## Task
Every record is to be printed exactly as it appears.

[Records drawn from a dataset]
= = =
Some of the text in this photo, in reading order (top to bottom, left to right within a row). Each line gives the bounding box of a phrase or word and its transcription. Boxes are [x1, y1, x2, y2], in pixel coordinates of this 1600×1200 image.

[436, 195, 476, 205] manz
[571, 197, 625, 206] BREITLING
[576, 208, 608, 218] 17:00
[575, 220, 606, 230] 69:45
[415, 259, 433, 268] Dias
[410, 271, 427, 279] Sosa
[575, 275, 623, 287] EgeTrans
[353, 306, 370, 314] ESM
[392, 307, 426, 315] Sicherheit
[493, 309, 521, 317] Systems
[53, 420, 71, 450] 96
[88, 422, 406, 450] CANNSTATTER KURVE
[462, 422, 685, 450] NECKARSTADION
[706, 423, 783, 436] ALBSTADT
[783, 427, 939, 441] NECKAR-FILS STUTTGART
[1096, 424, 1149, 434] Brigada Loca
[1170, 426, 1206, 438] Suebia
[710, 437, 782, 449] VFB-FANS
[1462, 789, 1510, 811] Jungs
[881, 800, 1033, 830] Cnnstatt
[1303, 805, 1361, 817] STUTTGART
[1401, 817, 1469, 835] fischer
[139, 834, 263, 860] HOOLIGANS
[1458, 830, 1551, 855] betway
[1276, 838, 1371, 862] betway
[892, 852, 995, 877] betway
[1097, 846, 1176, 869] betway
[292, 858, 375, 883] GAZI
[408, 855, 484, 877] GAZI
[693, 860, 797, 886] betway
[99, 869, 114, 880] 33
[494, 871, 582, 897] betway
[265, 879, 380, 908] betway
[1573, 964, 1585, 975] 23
= = =
## Answer to this exercise
Some of the text in this photo, in reading order (top to bottom, left to right within a row). Each line gives the bounding box of a phrase or word and its transcription. Boxes are [x1, y1, x2, y2], in pixel coordinates of this 1600×1200 image.

[436, 195, 476, 205] manz
[571, 197, 625, 206] BREITLING
[576, 208, 608, 218] 17:00
[575, 220, 606, 230] 69:45
[415, 259, 433, 268] Dias
[410, 271, 427, 279] Sosa
[575, 275, 623, 287] EgeTrans
[353, 306, 370, 314] ESM
[392, 307, 426, 315] Sicherheit
[493, 309, 521, 317] Systems
[53, 420, 71, 450] 96
[88, 422, 406, 450] CANNSTATTER KURVE
[462, 422, 685, 450] NECKARSTADION
[706, 423, 783, 436] ALBSTADT
[783, 427, 939, 441] NECKAR-FILS STUTTGART
[1096, 424, 1149, 434] Brigada Loca
[1170, 426, 1206, 438] Suebia
[710, 437, 782, 449] VFB-FANS
[1462, 789, 1510, 811] Jungs
[881, 800, 1033, 830] Cnnstatt
[1303, 805, 1361, 817] STUTTGART
[1401, 817, 1469, 835] fischer
[139, 834, 263, 860] HOOLIGANS
[1458, 830, 1551, 855] betway
[1276, 838, 1371, 862] betway
[892, 852, 995, 877] betway
[1097, 846, 1176, 869] betway
[292, 858, 375, 883] GAZI
[408, 855, 484, 877] GAZI
[693, 860, 797, 886] betway
[99, 869, 114, 880] 33
[494, 871, 582, 897] betway
[265, 879, 380, 908] betway
[1573, 964, 1585, 975] 23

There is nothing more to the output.